> Work request:
Set down the records exactly, and omit any image found in them.

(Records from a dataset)
# # # # # # #
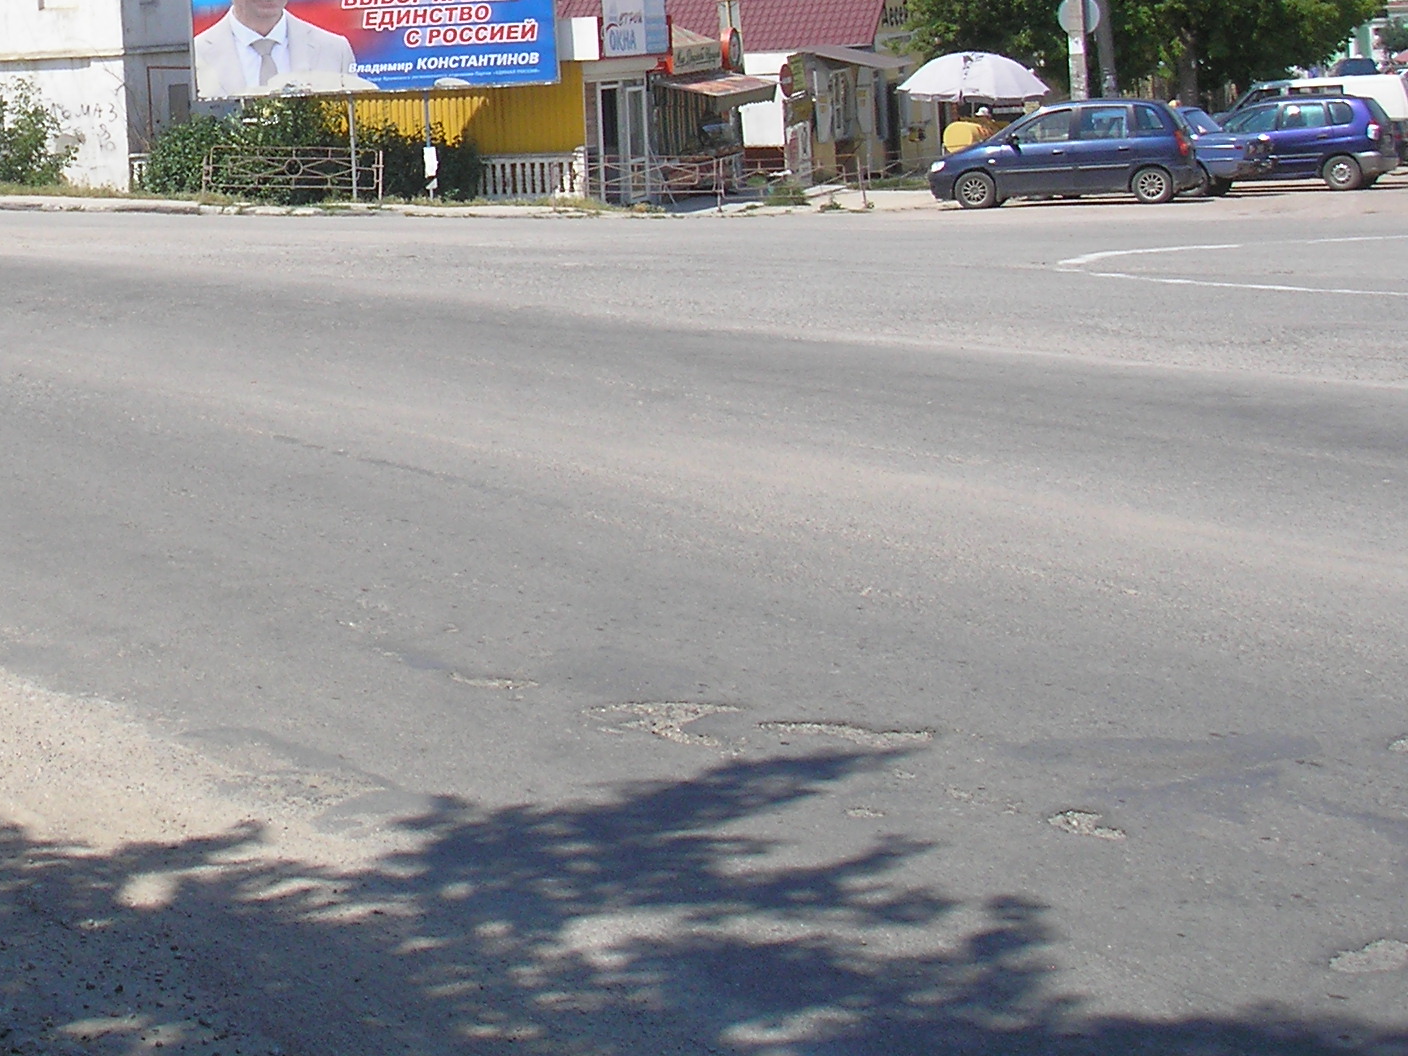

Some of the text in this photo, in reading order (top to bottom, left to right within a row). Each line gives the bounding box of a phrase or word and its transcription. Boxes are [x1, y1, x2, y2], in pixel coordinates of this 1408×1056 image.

[364, 5, 490, 29] ЕДИНСТВО
[405, 19, 537, 46] С РОССИЕЙ
[609, 29, 637, 51] ОКНА
[349, 52, 540, 74] Владимир КОНСТАНТИНОВ
# # # # # # #
> Exercise answer:
Some of the text in this photo, in reading order (top to bottom, left to right within a row). Each line gives the bounding box of a phrase or word and its transcription. Boxes are [x1, y1, x2, y2], in pixel coordinates of this 1408×1056 image.

[364, 5, 490, 29] ЕДИНСТВО
[405, 19, 537, 46] С РОССИЕЙ
[609, 29, 637, 51] ОКНА
[349, 52, 540, 74] Владимир КОНСТАНТИНОВ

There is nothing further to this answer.